Com uma relação de proximidade com o exterior, A Voz do Operário tem procurado, desde sempre, estender o seu trabalho para lá das suas portas e viver em comunidade. De acordo com Ana Sofia Cardoso, diretora pedagógica e de equipamentos d’A Voz do Operário da Margem Sul, a escola tem um grande impacto na área envolvente. “Não temos muitas escolas que trabalhem assim com um modelo como o nosso, que consigam ir ao encontro das necessidades das crianças e, ao mesmo tempo, aqui não só das vivências que trazem e do que têm, mas como ajudá-las a levarem isso ainda mais além”, explica. Este espaço educativo está inserido num contexto socioeconómico de muitas dificuldades, baixos salários e precariedade laboral, e a escola não é indiferente a essa realidade. “Estas famílias trabalham muitas horas e as crianças, por vezes, o tempo em que estão fora da escola, estão entregues a irmãos que são pouco mais velhos.

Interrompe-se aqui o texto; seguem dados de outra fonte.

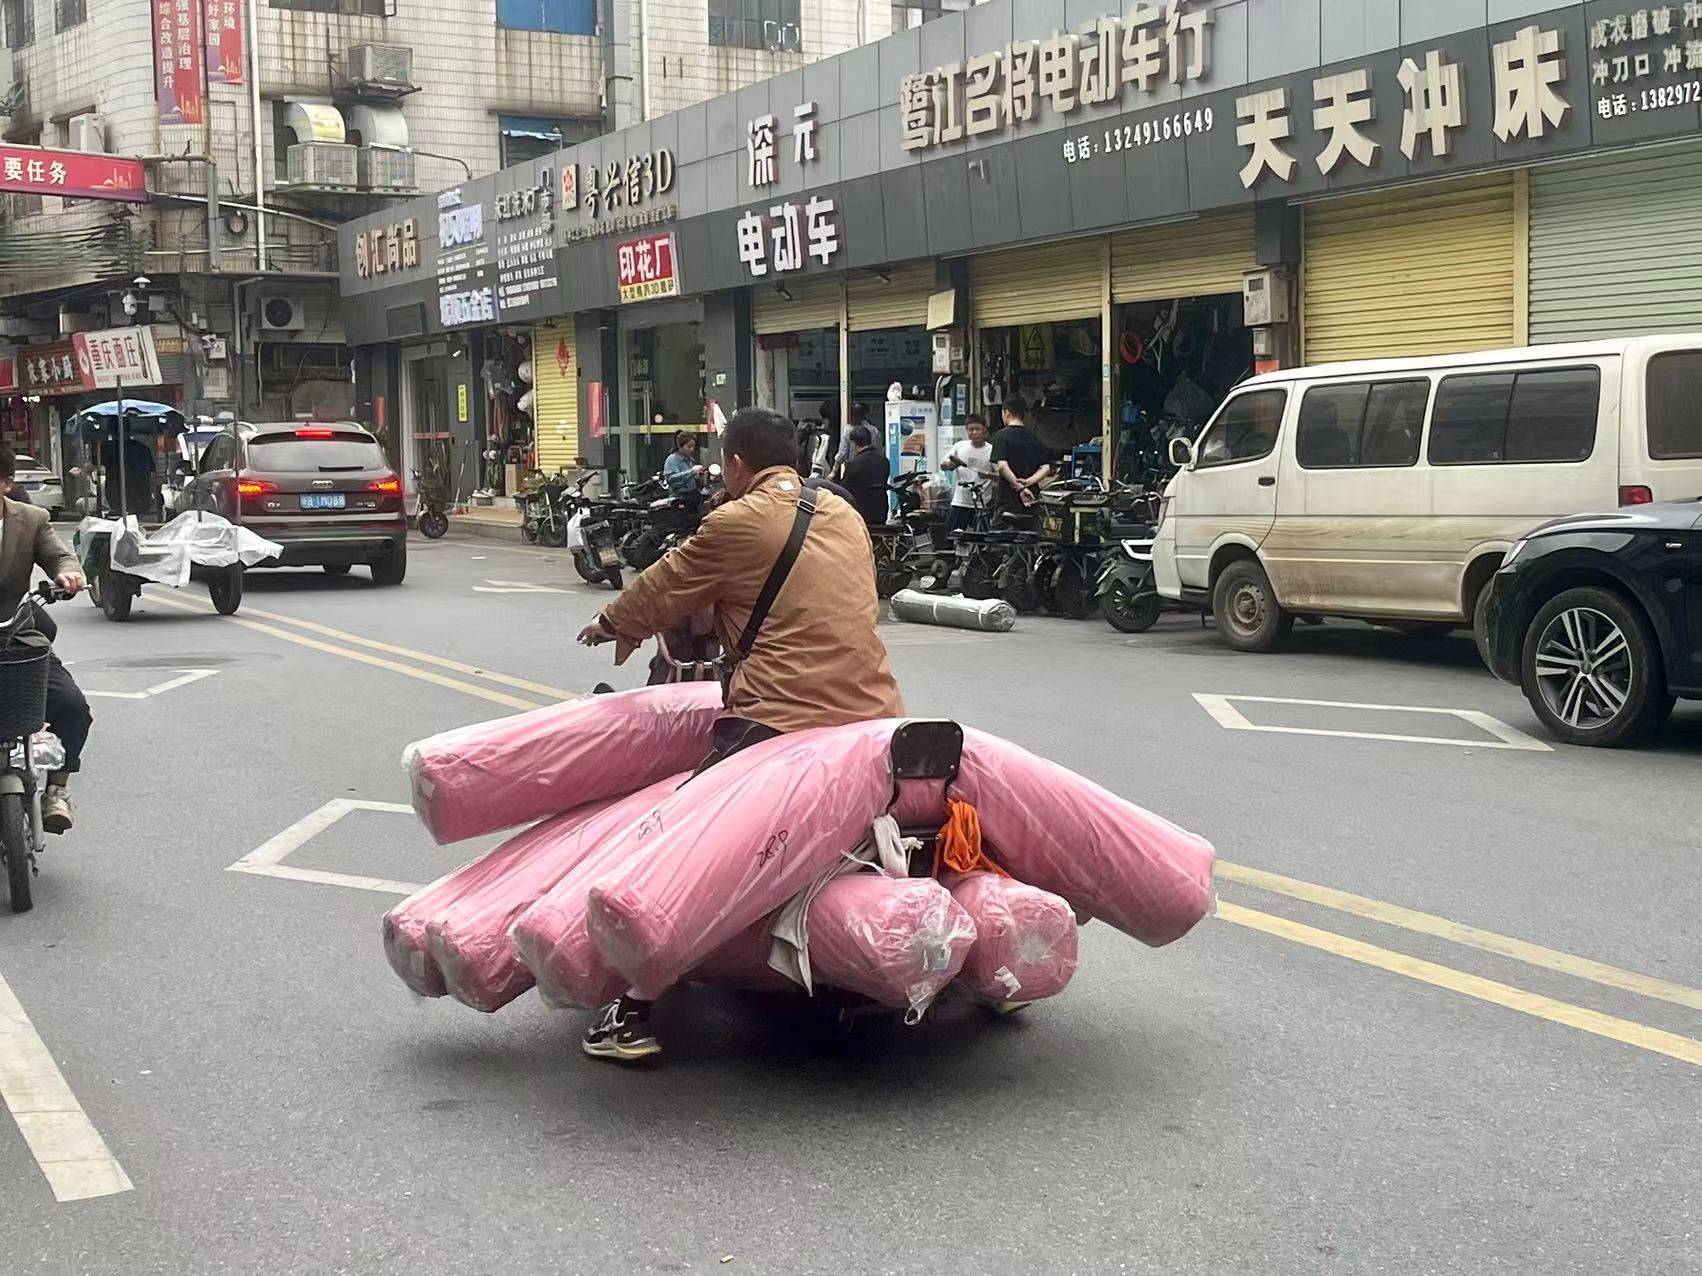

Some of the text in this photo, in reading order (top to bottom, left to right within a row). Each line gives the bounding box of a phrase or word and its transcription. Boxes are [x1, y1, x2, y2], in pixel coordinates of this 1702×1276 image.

[159, 2, 175, 89] 综合改造提升
[900, 0, 1214, 151] 鹭江名将电动车行
[1592, 53, 1650, 86] 冲刀口
[1235, 25, 1571, 189] 天天冲床
[3, 156, 67, 185] 要任务
[748, 102, 817, 186] 深元
[356, 218, 420, 278] 创汇尚品
[619, 237, 670, 283] 印花厂
[737, 196, 839, 276] 电动车
[89, 336, 139, 370] 重庆面庄
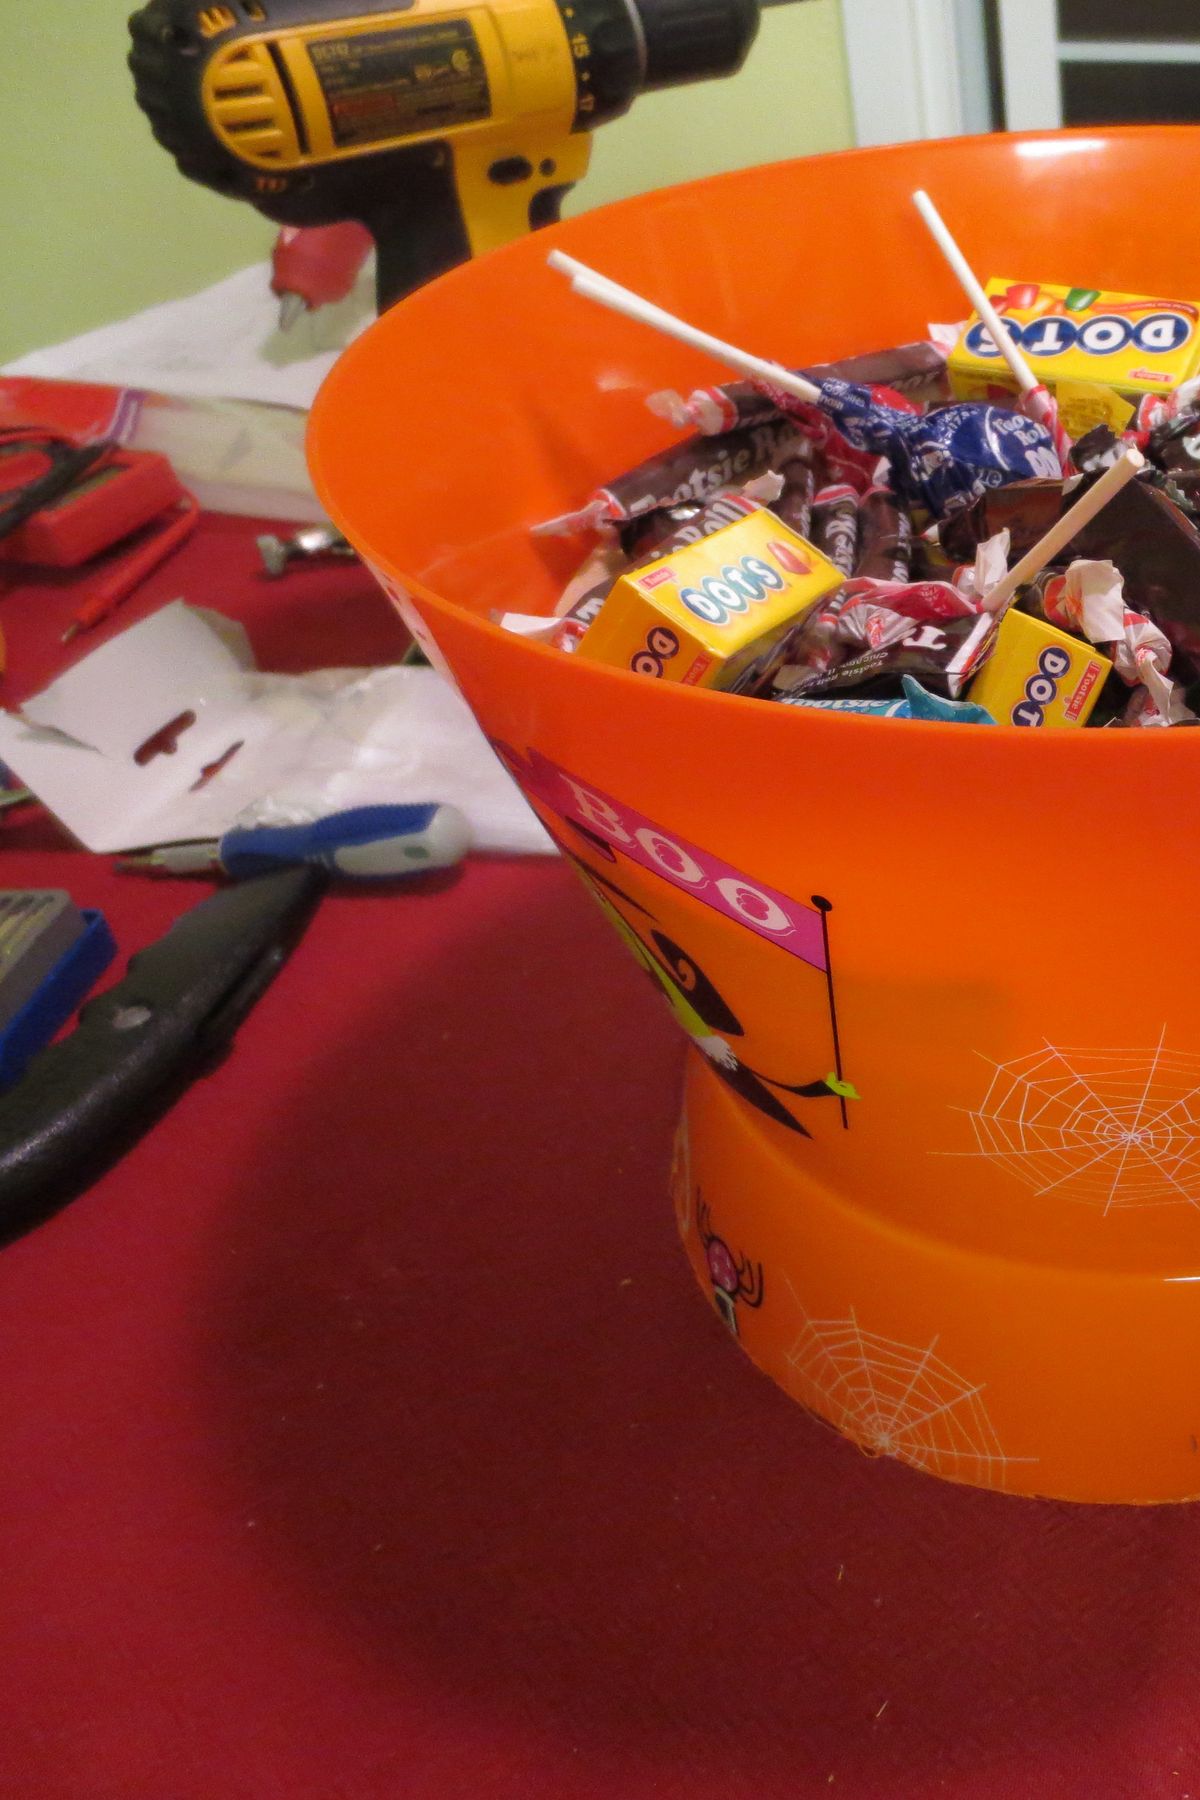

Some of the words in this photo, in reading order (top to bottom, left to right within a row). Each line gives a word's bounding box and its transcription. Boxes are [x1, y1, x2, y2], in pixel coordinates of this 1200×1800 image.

Portanto, em termos de experiências, de vivências, em termos de conhecer o mundo de outra forma, estamos a falar de crianças muito circunscritas ao seu próprio contexto, às coisas que acontecem na sua comunidade. Eu acho que as pessoas da escola acabam por ter um papel muito importante no sentido de trazer outras coisas, de trazermos outros olhares, outras experiências, outras vivências, coisas que normalmente as crianças não têm”, descreve. Nesse trabalho, a escola articula-se com a Junta de Freguesia de forma a terem outro tipo de atividades que também existem na rede pública, mas o trabalho de contacto com a comunidade vai mais além e o contacto com o movimento associativo é permanente. “Já conseguimos que participassem no mercado de natal que fazemos numa associação, o Atlético Clube. O Chinquilho colabora connosco nas atividades associativas. Tivemos também uma reunião de abertura para conhecer as escolas que existem aqui à volta, porque muitas destas crianças depois vão para outras escolas e há o interesse das outras escolas de nos conhecerem, para perceberem esta dinâmica que, às vezes, é tão diferente”, sublinha.
O facto é que A Voz do Operário tem impacto na comunidade, nas famílias, nos trabalhadores mas, sobretudo, nos alunos. De tal forma que há quem distinga as crianças d’A Voz do Operário que chegam à escola pública pela sua capacidade de estar, pensar e intervir. Essa marca distintiva é fruto de um trabalho coletivo que se alicerça num modelo pedagógico que se quer participativo.